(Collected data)

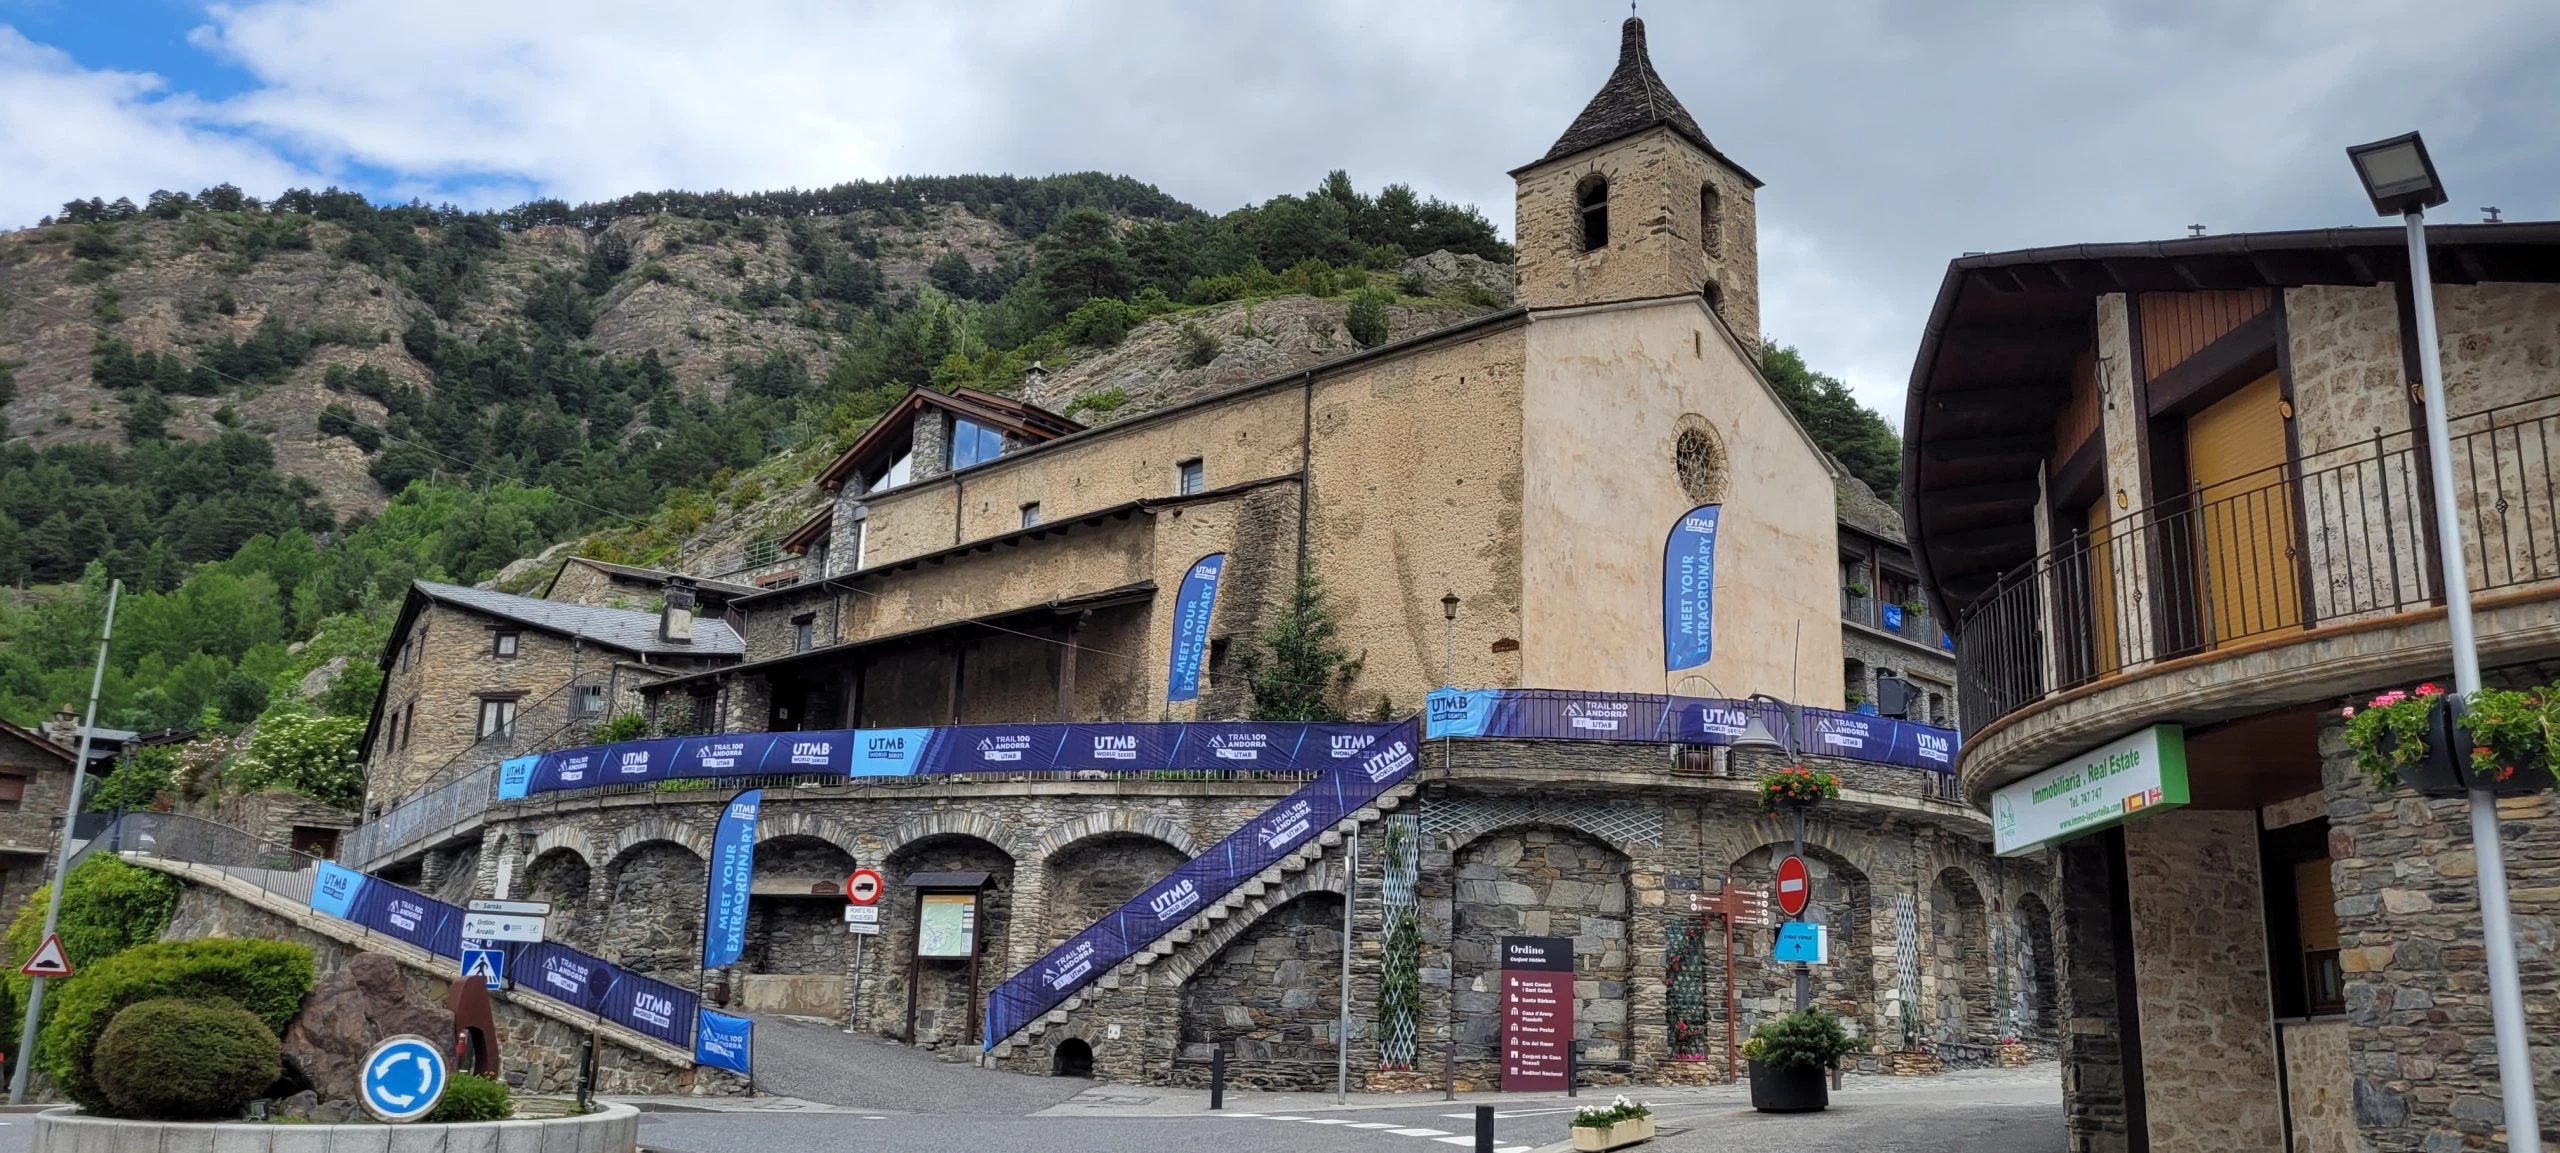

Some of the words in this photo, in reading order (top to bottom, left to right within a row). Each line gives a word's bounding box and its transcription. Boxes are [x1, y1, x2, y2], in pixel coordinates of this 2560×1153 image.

[1686, 518, 1714, 527] UTMB
[1196, 565, 1216, 575] UTMB
[1681, 555, 1694, 595] YOUR
[1697, 537, 1711, 653] EXTRAORDINARY
[1182, 600, 1197, 637] YOUR
[1681, 599, 1693, 634] MEET
[1184, 583, 1213, 691] EXTRAORDINARY
[1176, 641, 1190, 673] MEET
[1432, 696, 1467, 712] UTMB
[1586, 710, 1628, 718] ANDORRA
[1703, 709, 1746, 725] UTMB
[1836, 727, 1869, 738] ANDORRA
[793, 742, 830, 755] UTMB
[868, 737, 905, 750] UTMB
[995, 742, 1031, 750] ANDORRA
[1094, 736, 1136, 749] UTMB
[1917, 733, 1948, 751] UTMB
[622, 751, 649, 765] UTMB
[1363, 741, 1407, 774] UTMB
[506, 764, 526, 778] UTMB
[1374, 766, 1394, 780] WORLD
[1394, 755, 1412, 769] SERIES
[2032, 770, 2081, 805] Immobiliaria
[2088, 758, 2107, 783] Real
[2109, 748, 2140, 775] Estate
[2069, 795, 2080, 808] Tel.
[2080, 790, 2091, 805] 747
[2092, 787, 2102, 802] 747
[732, 804, 755, 814] UTMB
[1275, 807, 1312, 834] ANDORRA
[1287, 824, 1304, 838] UTMB
[723, 844, 737, 887] YOUR
[324, 872, 348, 890] UTMB
[727, 824, 753, 952] EXTRAORDINARY
[1150, 879, 1194, 913] UTMB
[719, 892, 732, 929] MEET
[1160, 904, 1180, 919] WORLD
[1181, 893, 1198, 908] SERIES
[1510, 944, 1544, 955] Ordino
[1059, 948, 1095, 974] ANDORRA
[559, 967, 587, 983] ANDORRA
[1069, 965, 1087, 980] UTMB
[635, 991, 672, 1016] UTMB
[635, 1010, 653, 1018] WORLD
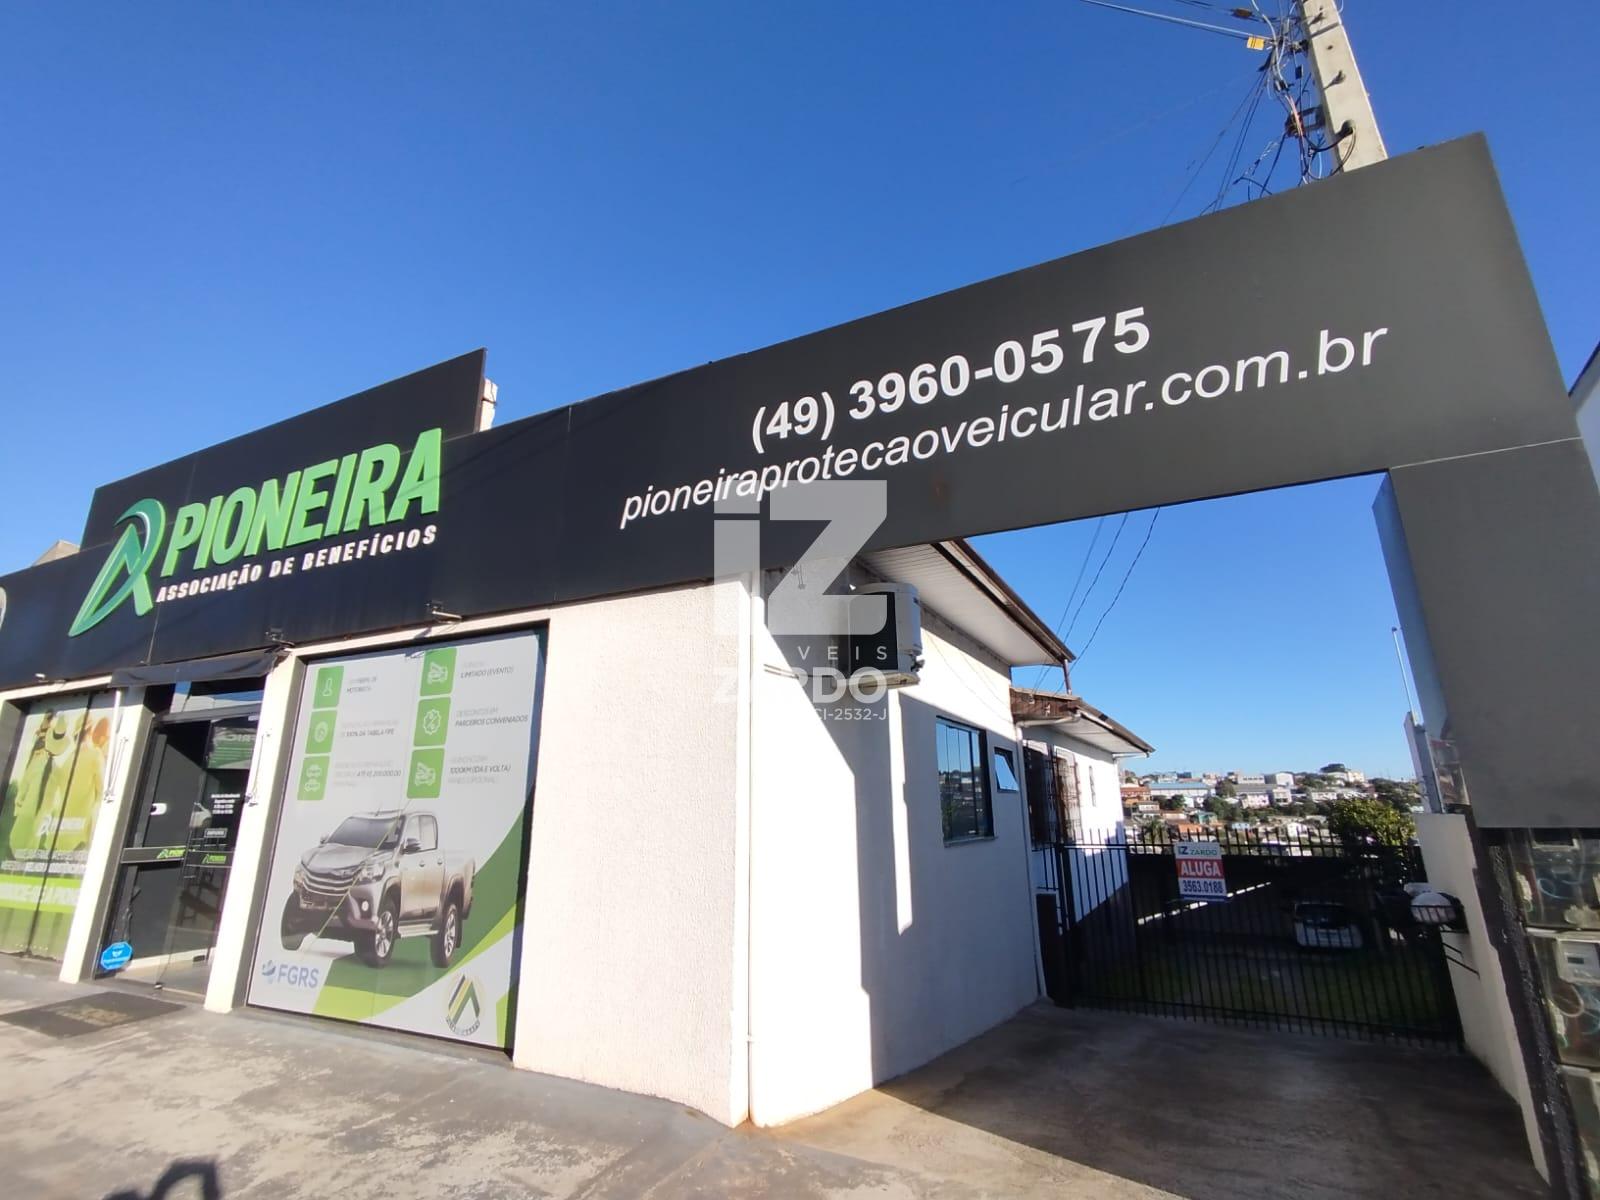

-- Task instructions --
Verbatim copy with pictures excluded: write out the records above in full.

-- Task output --
Some of the words in this photo, in reading order (top to bottom, left to right within a row). Each line gives a word's bounding box and its transcription. Boxes are [x1, y1, x2, y2], in pixel coordinates of this 2560×1153 image.

[1686, 518, 1714, 527] UTMB
[1196, 565, 1216, 575] UTMB
[1681, 555, 1694, 595] YOUR
[1697, 537, 1711, 653] EXTRAORDINARY
[1182, 600, 1197, 637] YOUR
[1681, 599, 1693, 634] MEET
[1184, 583, 1213, 691] EXTRAORDINARY
[1176, 641, 1190, 673] MEET
[1432, 696, 1467, 712] UTMB
[1586, 710, 1628, 718] ANDORRA
[1703, 709, 1746, 725] UTMB
[1836, 727, 1869, 738] ANDORRA
[793, 742, 830, 755] UTMB
[868, 737, 905, 750] UTMB
[995, 742, 1031, 750] ANDORRA
[1094, 736, 1136, 749] UTMB
[1917, 733, 1948, 751] UTMB
[622, 751, 649, 765] UTMB
[1363, 741, 1407, 774] UTMB
[506, 764, 526, 778] UTMB
[1374, 766, 1394, 780] WORLD
[1394, 755, 1412, 769] SERIES
[2032, 770, 2081, 805] Immobiliaria
[2088, 758, 2107, 783] Real
[2109, 748, 2140, 775] Estate
[2069, 795, 2080, 808] Tel.
[2080, 790, 2091, 805] 747
[2092, 787, 2102, 802] 747
[732, 804, 755, 814] UTMB
[1275, 807, 1312, 834] ANDORRA
[1287, 824, 1304, 838] UTMB
[723, 844, 737, 887] YOUR
[324, 872, 348, 890] UTMB
[727, 824, 753, 952] EXTRAORDINARY
[1150, 879, 1194, 913] UTMB
[719, 892, 732, 929] MEET
[1160, 904, 1180, 919] WORLD
[1181, 893, 1198, 908] SERIES
[1510, 944, 1544, 955] Ordino
[1059, 948, 1095, 974] ANDORRA
[559, 967, 587, 983] ANDORRA
[1069, 965, 1087, 980] UTMB
[635, 991, 672, 1016] UTMB
[635, 1010, 653, 1018] WORLD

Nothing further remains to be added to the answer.